BEJ mundur karena rencana stimulus Biden yang telah lama ditunggu sebesar $ 1,9 triliun

Purple Group meroket dengan lompatan 251% dalam profitabilitasnya


Oleh Siphelele Dludla 13m lalu

Bagikan artikel ini:

JOHANNESBURG – PASAR melemah pada hari Jumat karena saham tertahan setelah rencana penyelamatan $ 1,9 triliun (sekitar R30 triliun) yang ditunggu-tunggu oleh Presiden terpilih AS Joe Biden memicu sentimen risk-off.

Indeks Saham JSE turun 0,52 persen, turun menjadi 63.549,75 poin dari level tertinggi baru-baru ini karena pasar mewaspadai kenaikan pajak perusahaan dan upah minimum.

Indeks Top40 juga turun 0,49 persen menjadi 58.446,35 poin karena saham sumber daya, pertambangan, dan pengecer semuanya jatuh ke posisi merah.

Saham terbesar BEJ, Naspers, turun 0,97 persen menjadi R3 364,92, sementara Sasol juga turun 0,64 persen menjadi R169,90.

Saham pertambangan turun 1,48 persen menjadi 61.008 poin dipimpin oleh Anglo American,

yang turun 3,4 persen menjadi R19,53 per saham, diikuti oleh DRDGold di 1,10 persen menjadi R16,17.

Harmony Gold dan Gold Fields masing-masing naik 1,48 persen menjadi R67.70 dan 1,08 persen menjadi R140.00, sementara Sibanye-Stillwater naik 0,9 persen menjadi R62.71.

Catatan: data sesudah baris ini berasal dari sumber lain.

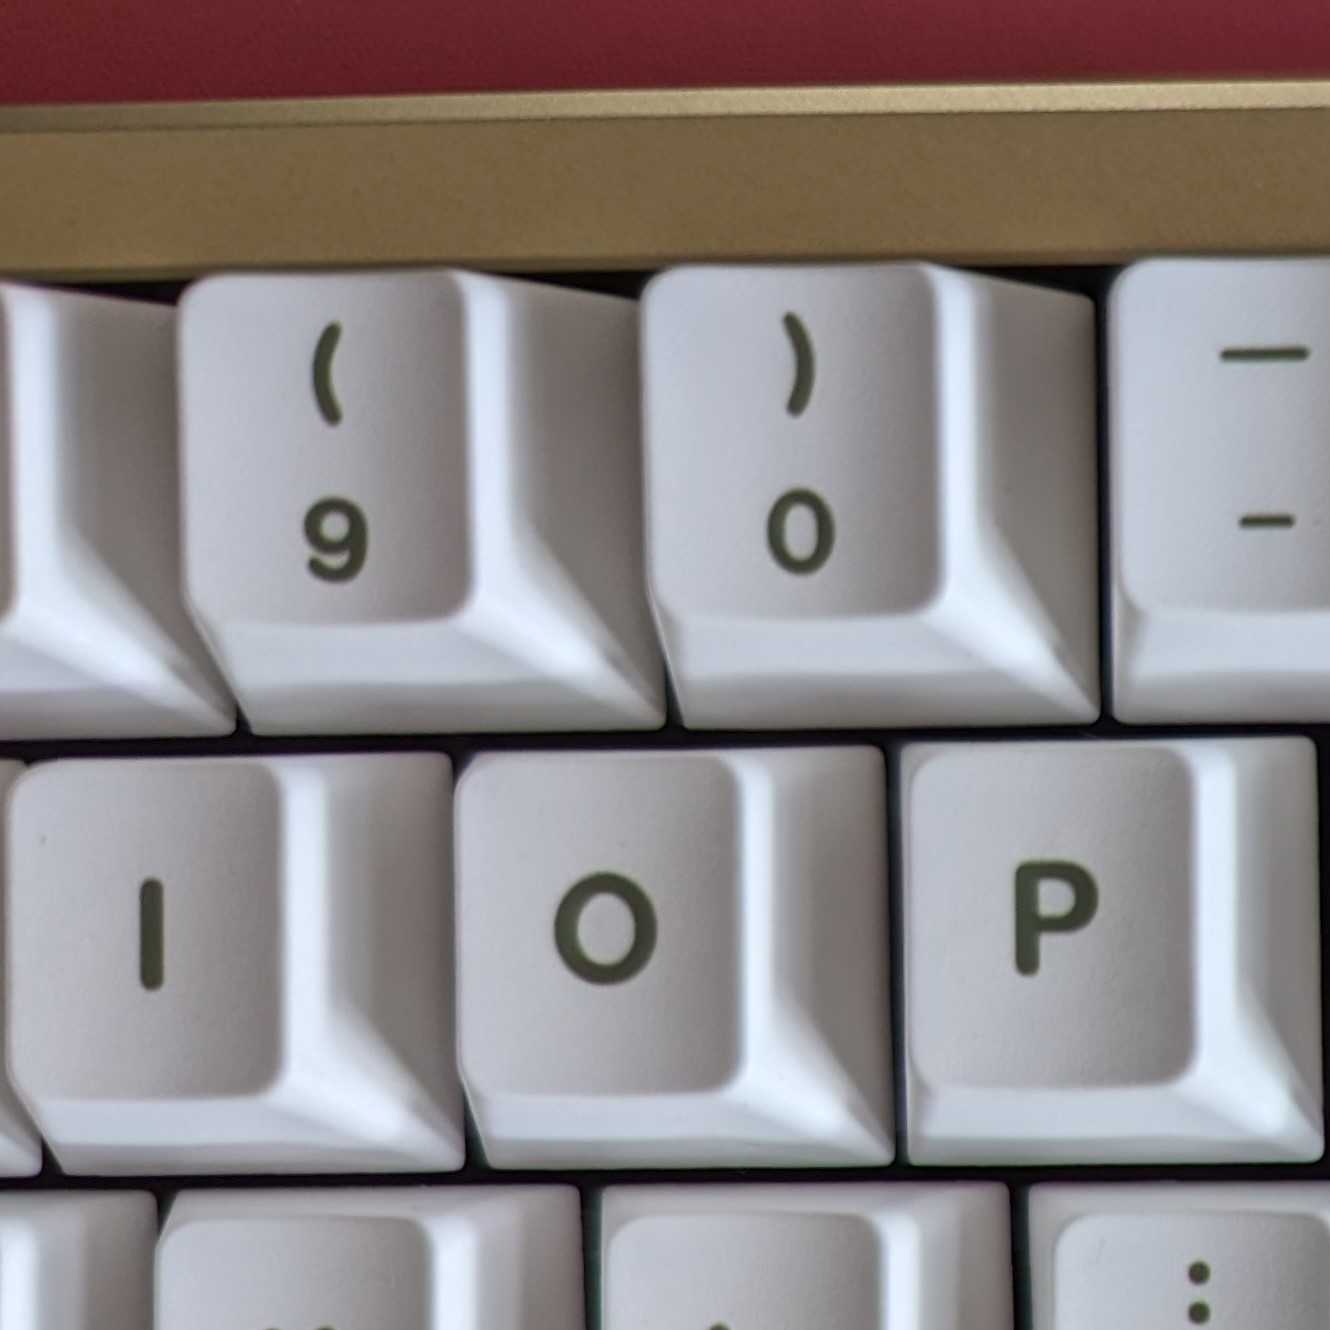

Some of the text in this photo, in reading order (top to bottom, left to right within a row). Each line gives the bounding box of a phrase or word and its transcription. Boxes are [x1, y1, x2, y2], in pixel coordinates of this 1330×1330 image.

Saham ritel turun 0,46 persen menjadi 4.503 poin karena Woolworths turun 1,82 persen menjadi R38,75, Pick n Pay turun 0,28 persen menjadi R49,85, sementara Shoprite naik 1,5 persen menjadi R134,96.

Biden pekan lalu meluncurkan paket bantuan darurat ekonomi dan perawatan kesehatan senilai $ 1.9trln, yang secara langsung memberikan bantuan kepada keluarga, bisnis, dan komunitas Amerika.

Paket tersebut juga memiliki fokus utama pada pengujian Covid-19, produksi dan pengiriman vaksin saat pandemi melonjak ke rekor tertinggi di AS.

Analis pasar FXTM, Han Tan mengatakan pasar khawatir menyusul pernyataan firasat Biden dalam menangani biaya proposalnya.

Tan mengatakan banyak optimisme seputar suntikan lain dari stimulus fiskal AS telah diperkirakan menjelang pengumuman yang ditunggu-tunggu.

Dia mengatakan sudah ada obrolan bahwa pemerintahan Biden yang akan datang mungkin tidak berhenti hanya di $ 1.9trln dan dapat mengeluarkan lebih banyak stimulus fiskal.

“Meskipun ekspektasi seperti itu di masa lalu telah meningkatkan aset berisiko, investor mungkin menolak untuk terbawa oleh lebih banyak berita utama yang sama,” kata Tan.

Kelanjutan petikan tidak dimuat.